These two important factors have worked together to put us in the precarious position we find ourselves today with the press, because the press doesn’t know how to respond. Does it cling to the idea of objectivity or does it opt for a more truthful way to share what’s happening in the world. Even old, tried and true methods don’t hold up anymore, and very smart but dangerous thinking has crept into the public discussion. However, based on what you read, hear, and see these days, you’d really never know it. It’s just the same‑o, same‑o “bothsideism” (as Jay Rosen calls it). It’s still still the AUTOMATIC default for the press, and it’s killing the pursuit of truth in order to stay free of the appearance of political labels. Chris Lasch is rolling over in his grave.

Here’s a current example. On the Sunday night CBS Evening News broadcast, reporter Debra Alfarone did a live shot from Washington that contained new polling on the state of the Republican Party. CBS News found that 80% of Republicans approved of removing Liz Cheney from GOP leadership on Capitol Hill. Ms. Alfarone said that Cheney is now “…paying the price for saying she would not enable or spread President Trump’s destructive lies — that’s her quote — that the 2020 election was stolen.”

The “that’s her quote” places Trump’s lies on an even playing field with those who embrace the truth that Donald Trump LOST the election and that Joe Biden is the real President. In other words, it’s presented as merely Liz Cheney’s opinion, which must be weighed against all the other opinions. Bullshit! Here, once again, the press is trying to present this as a standard, both sides have different points of view, which is surely a fallacy of immense proportions. The danger of Donald Trump’s lies is self-evident. Do we really need to play the old “objectivity” game with such a group? It’s a false balance, because one side isn’t sharing the truth.

Pursuit of the truth should be the objective of the press in the Postmodern Era, because the last century has been a heyday for the extreme wealthy manipulating everybody else with the sole purpose of deepening their own pockets.

What Ms. Alfarone should have said was “Liz Cheney is now suffering for being a truth-teller in the matter of Donald Trump’s ridiculous claims that the election was stolen from him.”

See the difference? One is an open question that says “Did Trump actually win? There’s a difference of opinion out there.” The other asks “Why are these people so deceived as to think Trump actually won?”

I mean, it’s no wonder America is confused right now. But, Terry, isn’t that taking the side of the Democrats? Are you serious? It’s called taking a stand for truth, just as Liz Cheney has done with her own people. Why is the press so extraordinarily afraid of simply seeing right and wrong? “Harrumph, well, Terry, it’s complicated.” No, it’s not.

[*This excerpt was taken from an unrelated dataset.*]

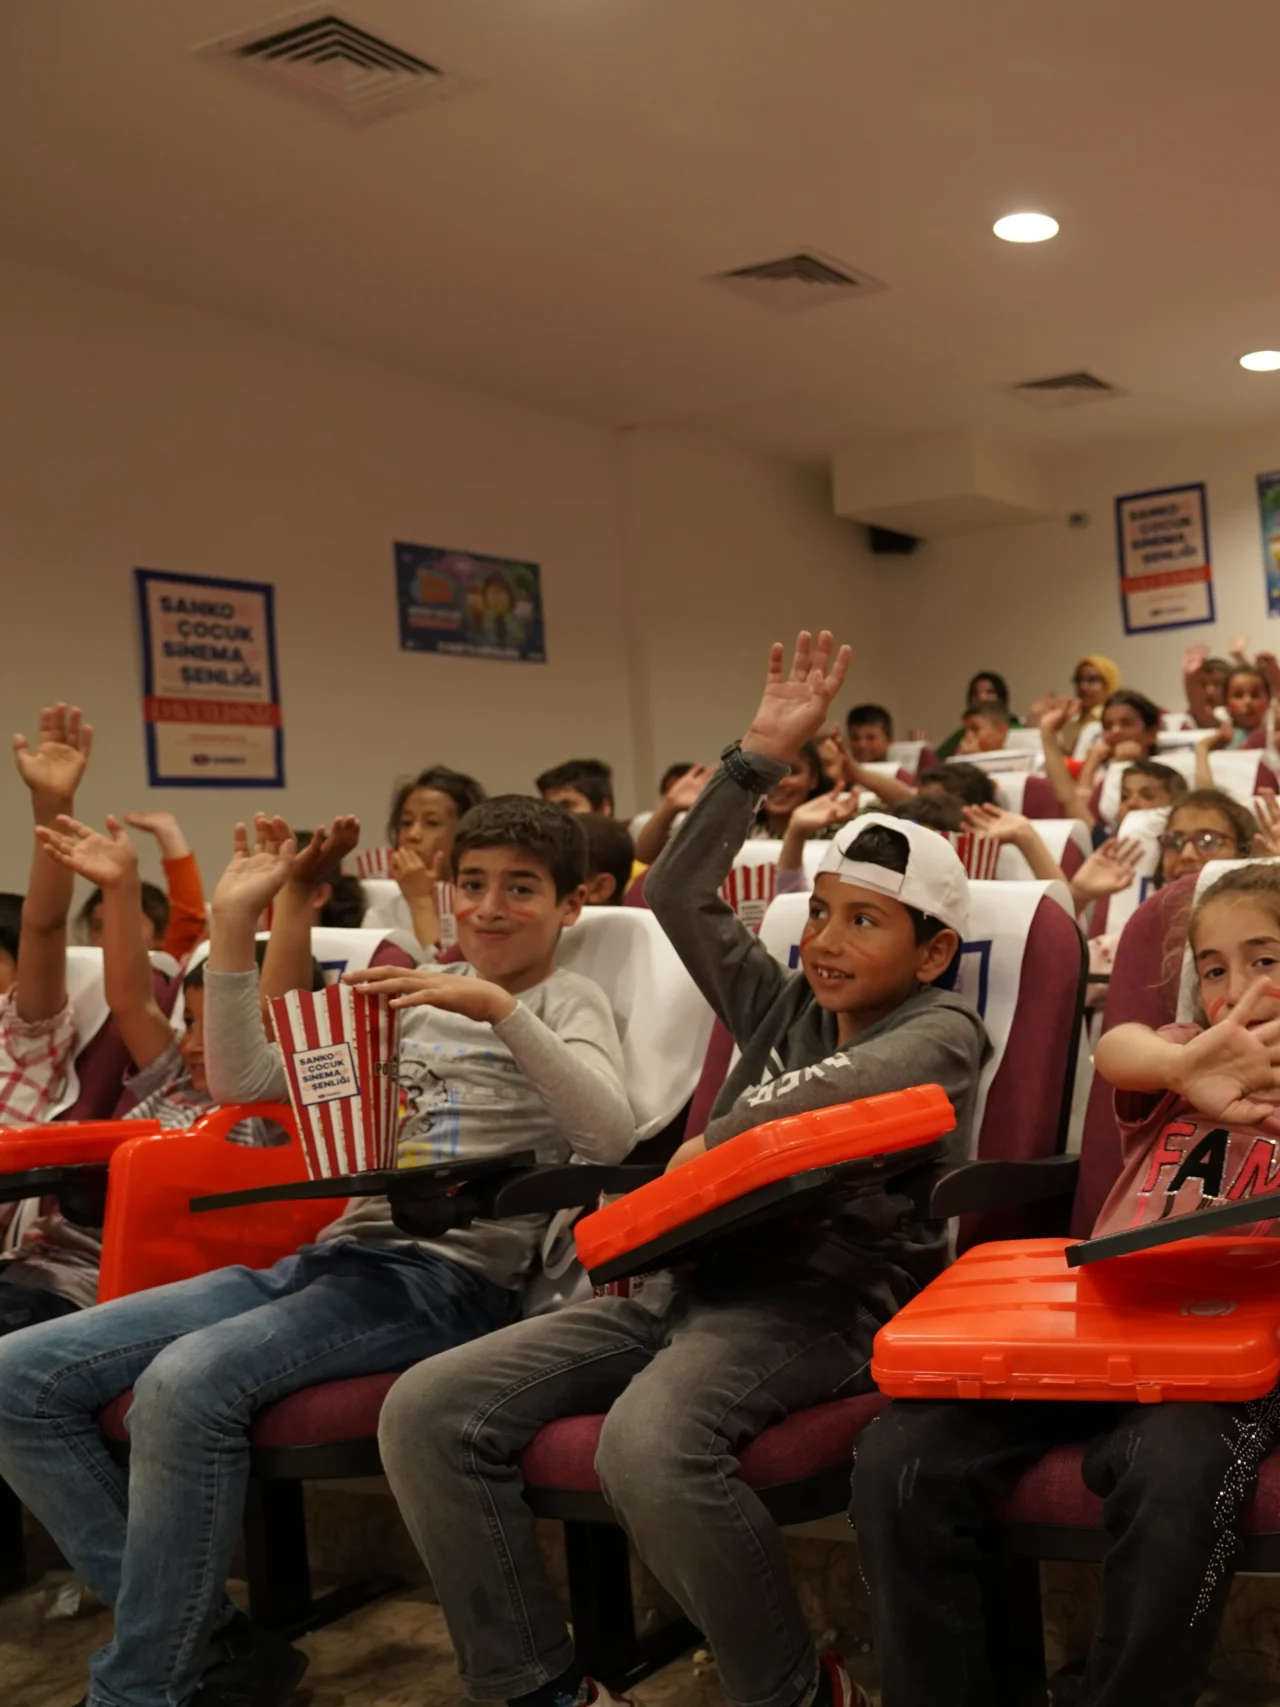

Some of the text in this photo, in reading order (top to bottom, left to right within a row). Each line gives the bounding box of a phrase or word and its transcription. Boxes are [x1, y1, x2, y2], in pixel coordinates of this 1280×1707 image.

This bothsideism delegitimizes so-called legitimate news organizations, and here’s the rub: the public knows it. To perform in such a way is to validate a fallacy, and how can that possibly be justified in furtherance of the truth? If it’s a lie, SAY SO! Is it dangerous? Absolutely!

But the Republicans will use it to add to their liberal media allegations! However, that is not of sufficient weight to justify falling back on “we just report about the differences.” What good is journalism if it is not married to the truth? It’s worse than useless; it’s destroying our culture, and let me add that the future absolutely does not align with bothsideism or false equivalencies.

Jay Rosen is equally disturbed by this and has been a strong advocate for new thinking. He told me via email, however, that “Both sides thinking and practices will never die. It’s the zero degree or most basic way to demo that you’re news, not politics.” That fear is a holdover from a prior age, and it’s being successfully used to manipulate us all today. The press is so concerned with maintaining the institution it represents that it has no defense against the forces of change in our world.

The destiny of the objective press is to die. Transparency is taking its place, and there are too many of us out here who choose not to tolerate being fed such nonsense from an earlier era.

Liz Cheney’s quote is truth and doesn’t need any balance.

Are You (and your kids) TV Ready?

The seminal marketing (see Doc’s comment below) book for the digital age was The Cluetrain Manifesto, first published in 1999. The first thesis was “Markets are conversations,” and I immediately sensed that this line of thinking would become my own, for I couldn’t argue with the book’s wisdom. It is still highly relevant today, especially if you’re lacking some foundational thinking about the web. It’s available for free here.

Dan Gillmor’s “We the Media” in 2004 and J.D. Lasica’s “Darknet: Hollywood’s War Against the Digital Generation” in 2005 were the first two books to generally describe the disruption of personal media. J.D., in fact, coined the phrase “personal media revolution” to tag what was about to descend upon our culture. And, oh boy, has it ever! I was so convinced of its certainty, that I dedicated many years to study it and report back to television clients about the enormity of it all.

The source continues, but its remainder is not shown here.